From f0bc757c831247bff3837f4ab64ea68c6547579d Mon Sep 17 00:00:00 2001
From: Jake Mowrer <28117568+docbrown1981@users.noreply.github.com>
Date: Mon, 19 Aug 2019 14:22:46 -0500
Subject: [PATCH] Update custom-detection-rules.md

Adding verbiage about the requirement that the query must return specific fields for each row for it to work.  Line 29
---
 .../microsoft-defender-atp/custom-detection-rules.md            | 2 +-
 1 file changed, 1 insertion(+), 1 deletion(-)

diff --git a/windows/security/threat-protection/microsoft-defender-atp/custom-detection-rules.md b/windows/security/threat-protection/microsoft-defender-atp/custom-detection-rules.md
index 55180b158c..9561fe831c 100644
--- a/windows/security/threat-protection/microsoft-defender-atp/custom-detection-rules.md
+++ b/windows/security/threat-protection/microsoft-defender-atp/custom-detection-rules.md
@@ -26,7 +26,7 @@ ms.topic: article
 Create custom detection rules from [Advanced hunting](overview-hunting.md) queries to automatically check for threat indicators and generate alerts whenever these indicators are found.
 
 >[!NOTE]
->To create and manage custom detections, [your role](user-roles.md#create-roles-and-assign-the-role-to-an-azure-active-directory-group) needs to have the **manage security settings** permission.

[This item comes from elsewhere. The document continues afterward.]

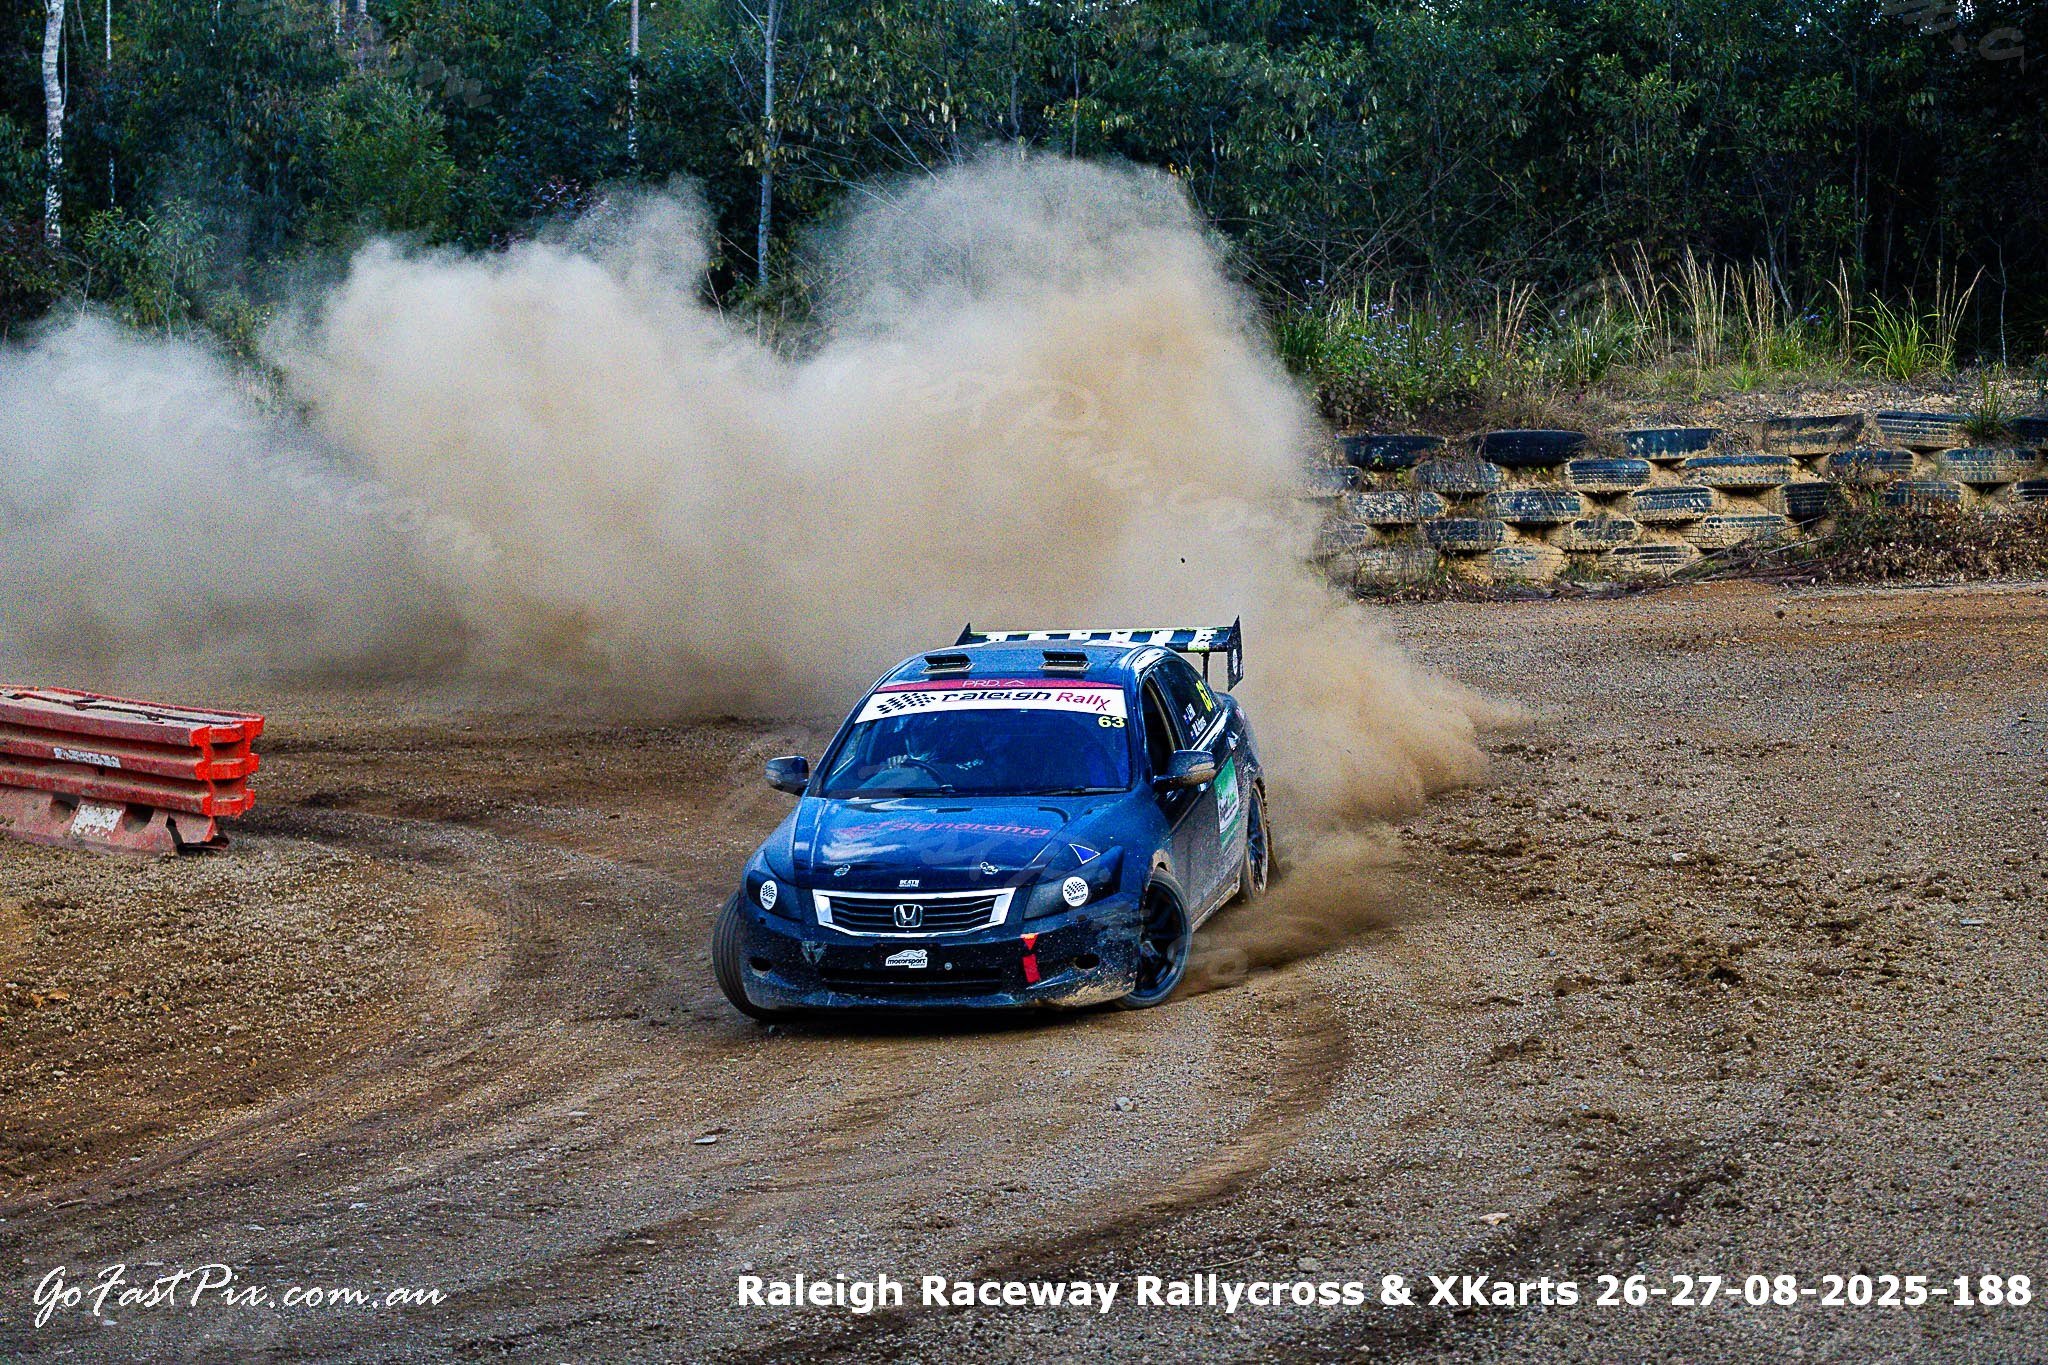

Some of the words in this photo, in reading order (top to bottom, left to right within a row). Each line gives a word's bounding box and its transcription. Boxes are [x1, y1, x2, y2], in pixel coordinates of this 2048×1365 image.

[941, 690, 1052, 702] raleigh
[1098, 715, 1125, 728] 63
[890, 821, 1050, 837] signarama

+>To create and manage custom detections, [your role](user-roles.md#create-roles-and-assign-the-role-to-an-azure-active-directory-group) needs to have the **manage security settings** permission.  For the detection rule to work properly and create alerts, the query must return in each row a set of MachineId, ReportId, EventTime which match to an actual event in advanced hunting.
 
 1. In the navigation pane, select **Advanced hunting**.